◆ WHAT IS REQUIRED:
Reproduce all the lines below exactly and omit the images.

◆ THE DATA:
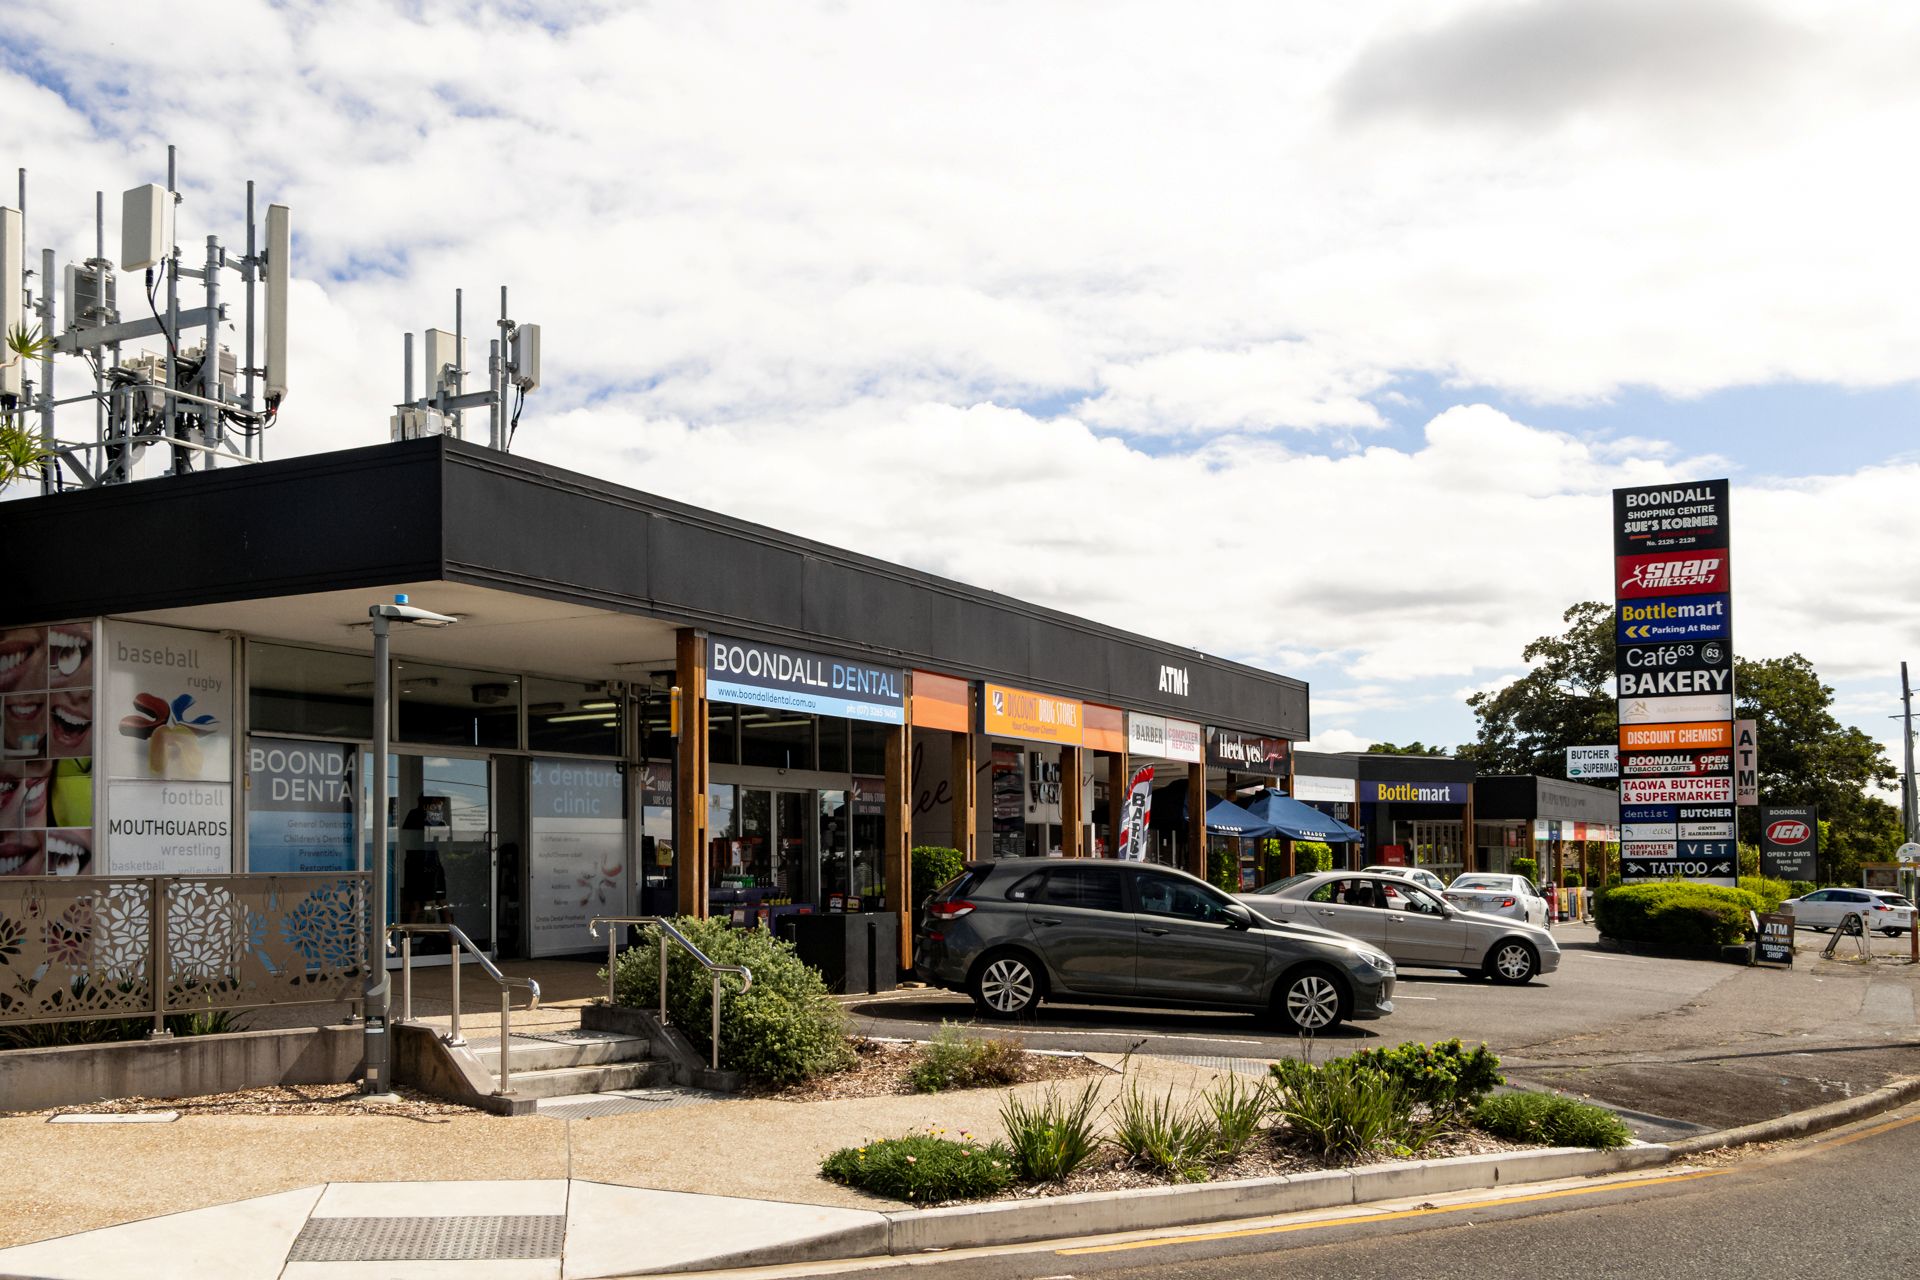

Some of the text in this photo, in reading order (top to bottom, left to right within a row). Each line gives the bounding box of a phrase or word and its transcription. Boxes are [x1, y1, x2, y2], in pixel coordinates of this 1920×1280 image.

[1626, 487, 1715, 508] BOONDALL
[1627, 504, 1715, 520] SHOPPING CENTRE
[1624, 515, 1718, 533] SUE'S KORNER
[1622, 601, 1723, 621] Bottlemart
[1652, 626, 1686, 635] Parking
[118, 641, 199, 669] baseball
[1706, 648, 1719, 658] 63
[714, 643, 899, 698] BOONDALL DENTAL
[186, 676, 222, 692] rugby
[1159, 665, 1183, 695] ATM
[1620, 669, 1729, 695] BAKERY
[718, 687, 816, 708] www.boondalldental.com.au
[1007, 694, 1077, 728] DISCOUNT DRUG STORES
[1135, 724, 1164, 744] BARBER
[1168, 728, 1198, 741] COMPUTER
[1627, 728, 1724, 745] DISCOUNT CHEMIST
[1171, 740, 1195, 752] REPAIRS
[1219, 733, 1264, 769] Heck yes!
[1571, 749, 1610, 760] BUTCHER
[1628, 755, 1693, 766] BOONDALL
[1700, 755, 1729, 764] OPEN
[1738, 729, 1755, 787] ATM
[532, 761, 622, 788] & denture
[1583, 762, 1618, 774] SUPERMAR
[1628, 765, 1662, 773] TOBACCO
[1707, 763, 1729, 771] DAYS
[1623, 778, 1730, 790] TAQWA BUTCHER
[1738, 788, 1756, 796] 24/7
[161, 787, 224, 806] football
[1378, 783, 1450, 802] Bottlemart
[1623, 791, 1729, 802] & SUPERMARKET
[553, 790, 600, 815] clinic
[1624, 810, 1669, 818] dentist
[1680, 808, 1732, 818] BUTCHER
[109, 819, 228, 836] MOUTHGUARDS
[1128, 792, 1145, 861] BARB
[1771, 824, 1806, 839] IGA
[160, 843, 221, 859] wrestling
[1623, 843, 1674, 851] COMPUTER
[111, 860, 165, 871] basketball
[1649, 862, 1708, 875] TATTOO
[1764, 923, 1788, 935] ATM
[1762, 944, 1788, 953] TOBACCO
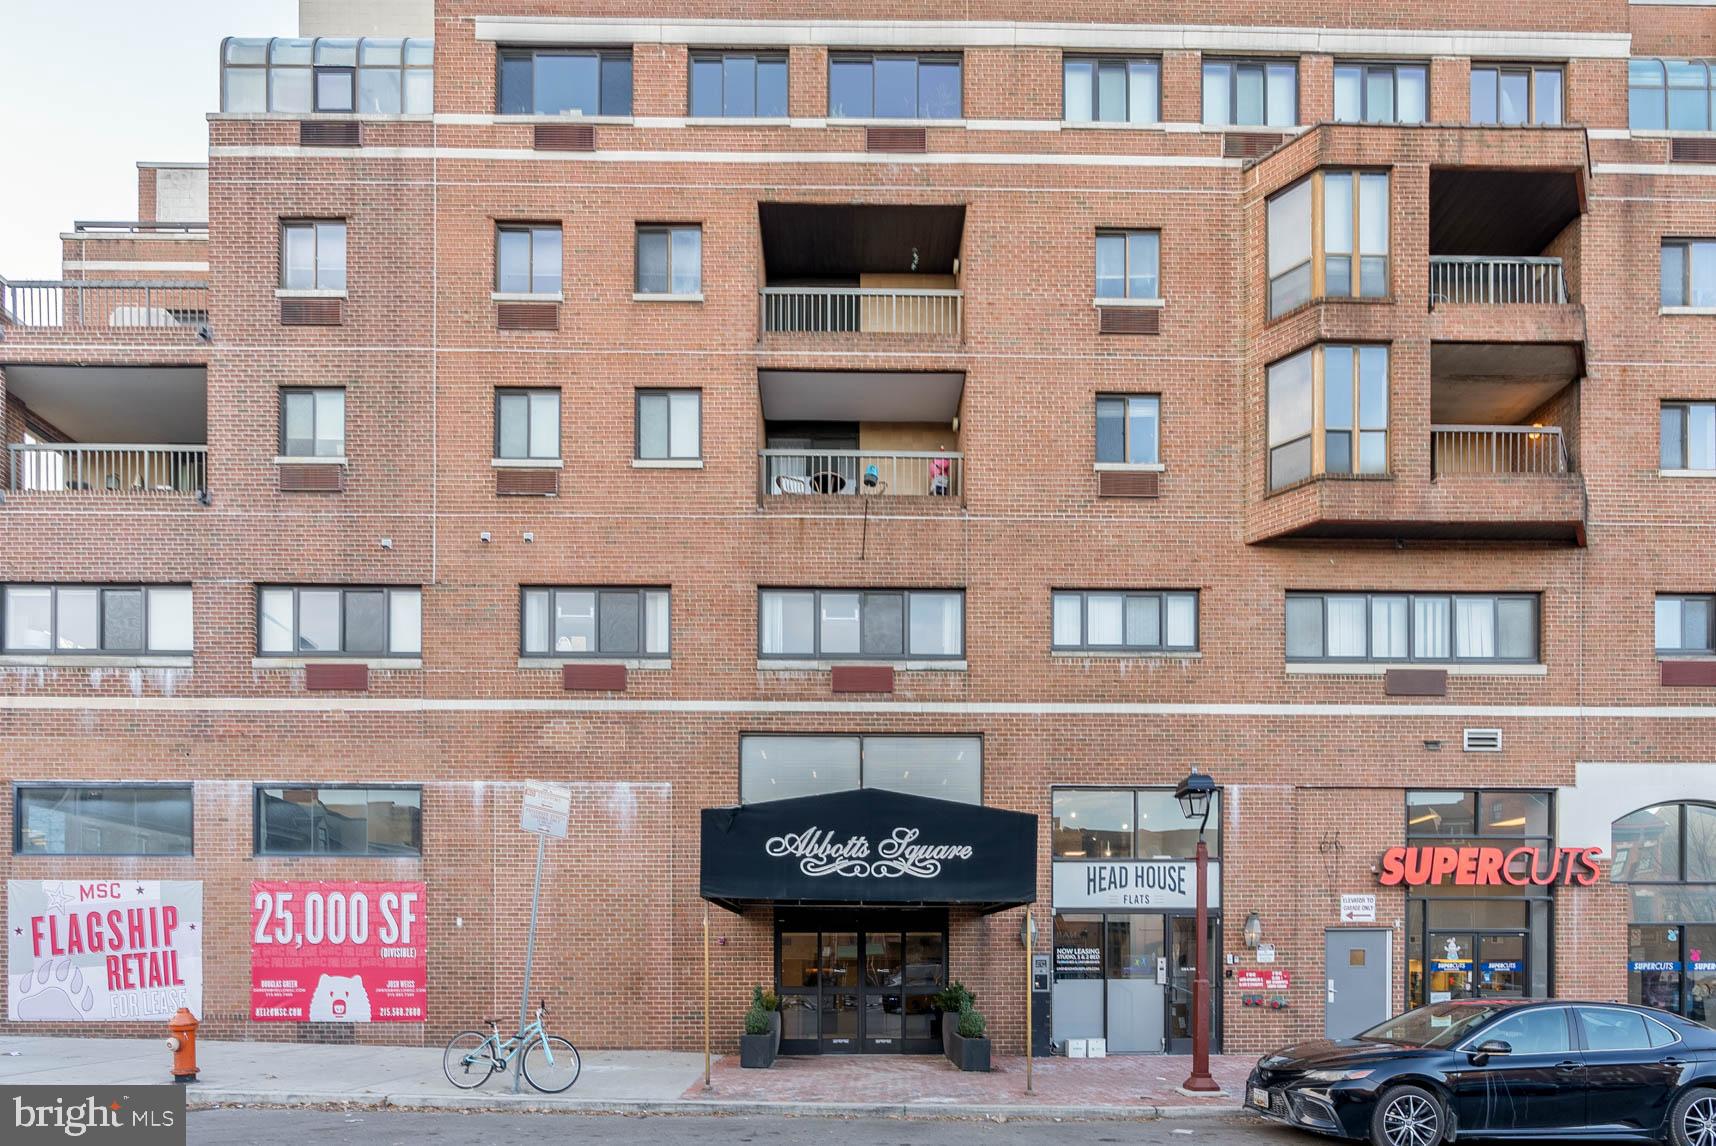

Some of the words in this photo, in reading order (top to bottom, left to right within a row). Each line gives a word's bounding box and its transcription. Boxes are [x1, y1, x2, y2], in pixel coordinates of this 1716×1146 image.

[765, 826, 870, 860] Abbotts
[878, 827, 973, 866] Square
[1086, 865, 1129, 896] HEAD
[1135, 865, 1187, 896] HOUSE
[1379, 846, 1603, 886] SUPERCUTS
[79, 882, 121, 901] MSC
[1123, 894, 1150, 905] FLATS
[31, 905, 179, 958] FLAGSHIP
[254, 891, 369, 950] 25,000
[378, 891, 418, 945] SF
[106, 949, 185, 992] RETAIL
[1633, 962, 1674, 971] SUPERCUTS
[1694, 962, 1716, 970] SUPER
[109, 991, 140, 1019] FOR
[143, 987, 187, 1016] LEASE
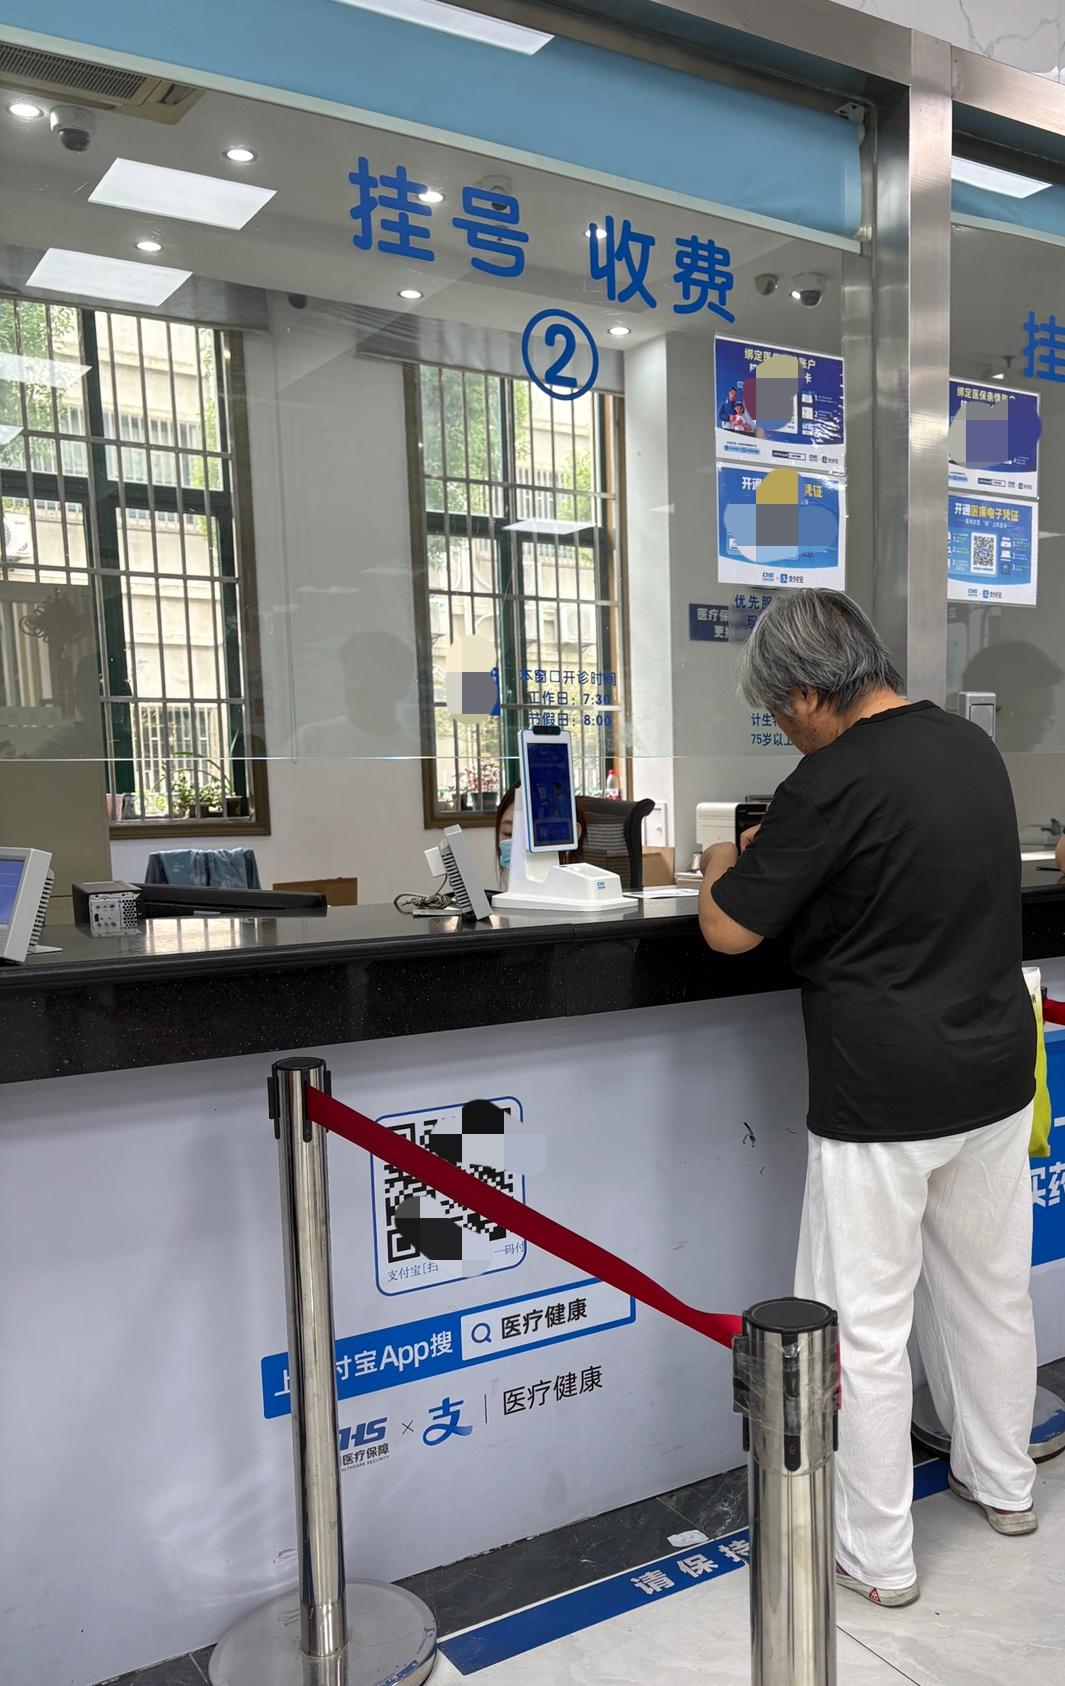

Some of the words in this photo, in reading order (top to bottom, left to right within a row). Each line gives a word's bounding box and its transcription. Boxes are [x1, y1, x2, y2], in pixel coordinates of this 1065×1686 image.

[348, 156, 529, 278] 挂号
[588, 215, 736, 323] 收费
[735, 594, 782, 610] 优先服
[519, 669, 616, 686] 本窗口开诊时间
[751, 712, 777, 727] 计生
[501, 1297, 588, 1340] 医疗健康
[503, 1365, 603, 1416] 医疗健康

◆ SOLUTION FOR THIS EXERCISE:
Some of the text in this photo, in reading order (top to bottom, left to right within a row). Each line gives the bounding box of a phrase or word and its transcription. Boxes are [x1, y1, x2, y2], in pixel coordinates of this 1920×1280 image.

[1626, 487, 1715, 508] BOONDALL
[1627, 504, 1715, 520] SHOPPING CENTRE
[1624, 515, 1718, 533] SUE'S KORNER
[1622, 601, 1723, 621] Bottlemart
[1652, 626, 1686, 635] Parking
[118, 641, 199, 669] baseball
[1706, 648, 1719, 658] 63
[714, 643, 899, 698] BOONDALL DENTAL
[186, 676, 222, 692] rugby
[1159, 665, 1183, 695] ATM
[1620, 669, 1729, 695] BAKERY
[718, 687, 816, 708] www.boondalldental.com.au
[1007, 694, 1077, 728] DISCOUNT DRUG STORES
[1135, 724, 1164, 744] BARBER
[1168, 728, 1198, 741] COMPUTER
[1627, 728, 1724, 745] DISCOUNT CHEMIST
[1171, 740, 1195, 752] REPAIRS
[1219, 733, 1264, 769] Heck yes!
[1571, 749, 1610, 760] BUTCHER
[1628, 755, 1693, 766] BOONDALL
[1700, 755, 1729, 764] OPEN
[1738, 729, 1755, 787] ATM
[532, 761, 622, 788] & denture
[1583, 762, 1618, 774] SUPERMAR
[1628, 765, 1662, 773] TOBACCO
[1707, 763, 1729, 771] DAYS
[1623, 778, 1730, 790] TAQWA BUTCHER
[1738, 788, 1756, 796] 24/7
[161, 787, 224, 806] football
[1378, 783, 1450, 802] Bottlemart
[1623, 791, 1729, 802] & SUPERMARKET
[553, 790, 600, 815] clinic
[1624, 810, 1669, 818] dentist
[1680, 808, 1732, 818] BUTCHER
[109, 819, 228, 836] MOUTHGUARDS
[1128, 792, 1145, 861] BARB
[1771, 824, 1806, 839] IGA
[160, 843, 221, 859] wrestling
[1623, 843, 1674, 851] COMPUTER
[111, 860, 165, 871] basketball
[1649, 862, 1708, 875] TATTOO
[1764, 923, 1788, 935] ATM
[1762, 944, 1788, 953] TOBACCO

Some of the words in this photo, in reading order (top to bottom, left to right within a row). Each line gives a word's bounding box and its transcription. Boxes are [x1, y1, x2, y2], in pixel coordinates of this 1716×1146 image.

[765, 826, 870, 860] Abbotts
[878, 827, 973, 866] Square
[1086, 865, 1129, 896] HEAD
[1135, 865, 1187, 896] HOUSE
[1379, 846, 1603, 886] SUPERCUTS
[79, 882, 121, 901] MSC
[1123, 894, 1150, 905] FLATS
[31, 905, 179, 958] FLAGSHIP
[254, 891, 369, 950] 25,000
[378, 891, 418, 945] SF
[106, 949, 185, 992] RETAIL
[1633, 962, 1674, 971] SUPERCUTS
[1694, 962, 1716, 970] SUPER
[109, 991, 140, 1019] FOR
[143, 987, 187, 1016] LEASE

Some of the words in this photo, in reading order (top to bottom, left to right within a row). Each line gives a word's bounding box and its transcription. Boxes are [x1, y1, x2, y2], in pixel coordinates of this 1065×1686 image.

[348, 156, 529, 278] 挂号
[588, 215, 736, 323] 收费
[735, 594, 782, 610] 优先服
[519, 669, 616, 686] 本窗口开诊时间
[751, 712, 777, 727] 计生
[501, 1297, 588, 1340] 医疗健康
[503, 1365, 603, 1416] 医疗健康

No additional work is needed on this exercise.